Saudi Arabia has slashed oil prices for October futures, which is a sign that the world’s largest exporter of black gold is preparing for another fluctuation in fuel demand amid new outbreaks of the Covid-19 coronavirus infection around the world. The kingdom’s state-owned oil producer Saudi Aramco has cut production of its key Arab Light for supply to Asia, its main market.

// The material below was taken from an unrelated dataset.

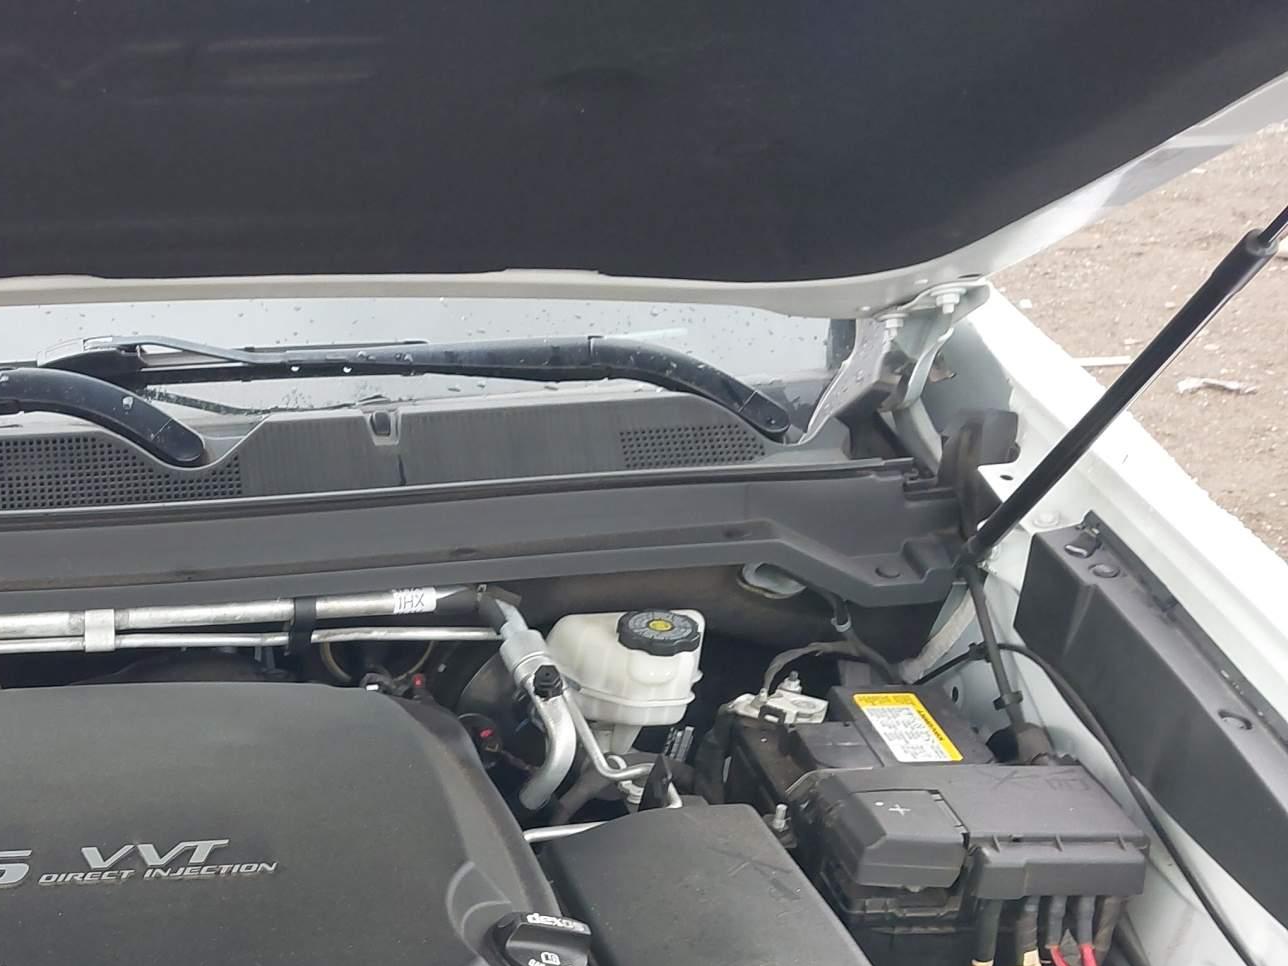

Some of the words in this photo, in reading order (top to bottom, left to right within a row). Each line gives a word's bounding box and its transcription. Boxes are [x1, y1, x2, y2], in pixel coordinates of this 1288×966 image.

[80, 839, 230, 869] VVT
[38, 869, 136, 884] DIRECT
[143, 862, 278, 878] INJECTION

It also lowered prices for US buyers of Saudi fuel, Bloomberg reports today, September 7.
Oil demand has plummeted this year after the Covid-19 pandemic forced national governments to impose restrictive measures and partially freeze their economies. Air transportation, one of the largest consumers of fuel, suffered the most. Saudi Arabia, Russia, and other producers under the OPEC + format agreed in April to cut production by almost 10 million barrels per day, which is about 10 percent of world supplies, in order to support prices, the American news agency reminds.
These cuts and a rebound in demand in China have since helped oil prices more than double. But since the beginning of this year, they still show a decline of 35 percent. Last Friday, September 4, Brent crude fell to $ 42.66 a barrel, the biggest weekly decline in nearly three months as new Covid-19 infections continued to rise in countries such as the US and India.
“Aramco recognizes the importance of China to the global oil market,” said Giovanni Staunovo, an analyst at UBS Group AG. “The cut (in oil prices) for October could help support stronger imports from China in the coming months.”
The Saudis have raised prices from June to August for Asia. However, demand from refineries has declined since that time. Asian refineries are operating with large reserves of fuel accumulated in the second quarter of the year when oil prices fell to historic lows.